Amil terá de assumir gasto de gestante

sauloluz

03 de fevereiro de 2011 | 11h40

Camila Bezerra
O Tribunal de Justiça de São Paulo (TJ-SP) determinou que a operadora de planos de saúde Amil pague todos os custos referentes à gestação e parto de uma cliente. A empresa alegou que o contrato não tinha cobertura para obstetrícia e se recusou a bancar os procedimentos. Porém, a Justiça determinou que o convênio médico arque com os custos, já que não há cláusula contratual que exclua claramente a cobertura.

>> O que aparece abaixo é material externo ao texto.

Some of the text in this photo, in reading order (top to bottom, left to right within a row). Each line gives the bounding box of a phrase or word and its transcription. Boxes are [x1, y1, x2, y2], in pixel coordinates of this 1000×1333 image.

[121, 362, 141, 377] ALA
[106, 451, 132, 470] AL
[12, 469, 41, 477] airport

A decisão, tomada em primeira instância no dia 9 de novembro, garante assistência sem ônus à consumidora. Além disso, a Justiça fixou uma multa de R$ 500, caso a Amil recuse qualquer exame ou atendimento à cliente e a empresa será penalizada diariamente até que autorize o tratamento.

O contrato da cliente com a Amil não especifica qual a abrangência da cobertura para gravidez. Como ele foi firmado antes da lei dos planos de saúde, que passou a vigorar em janeiro de 1999, a cobertura deve estar especificada no texto. “Qualquer tipo de restrição ou carência deve ser bem clara durante a oferta do vendedor e no contrato. Caso contrário, a restrição não é válida”, afirmou Juliana Ferreira, advogada do Instituto Brasileiro de Defesa do Consumidor (Idec).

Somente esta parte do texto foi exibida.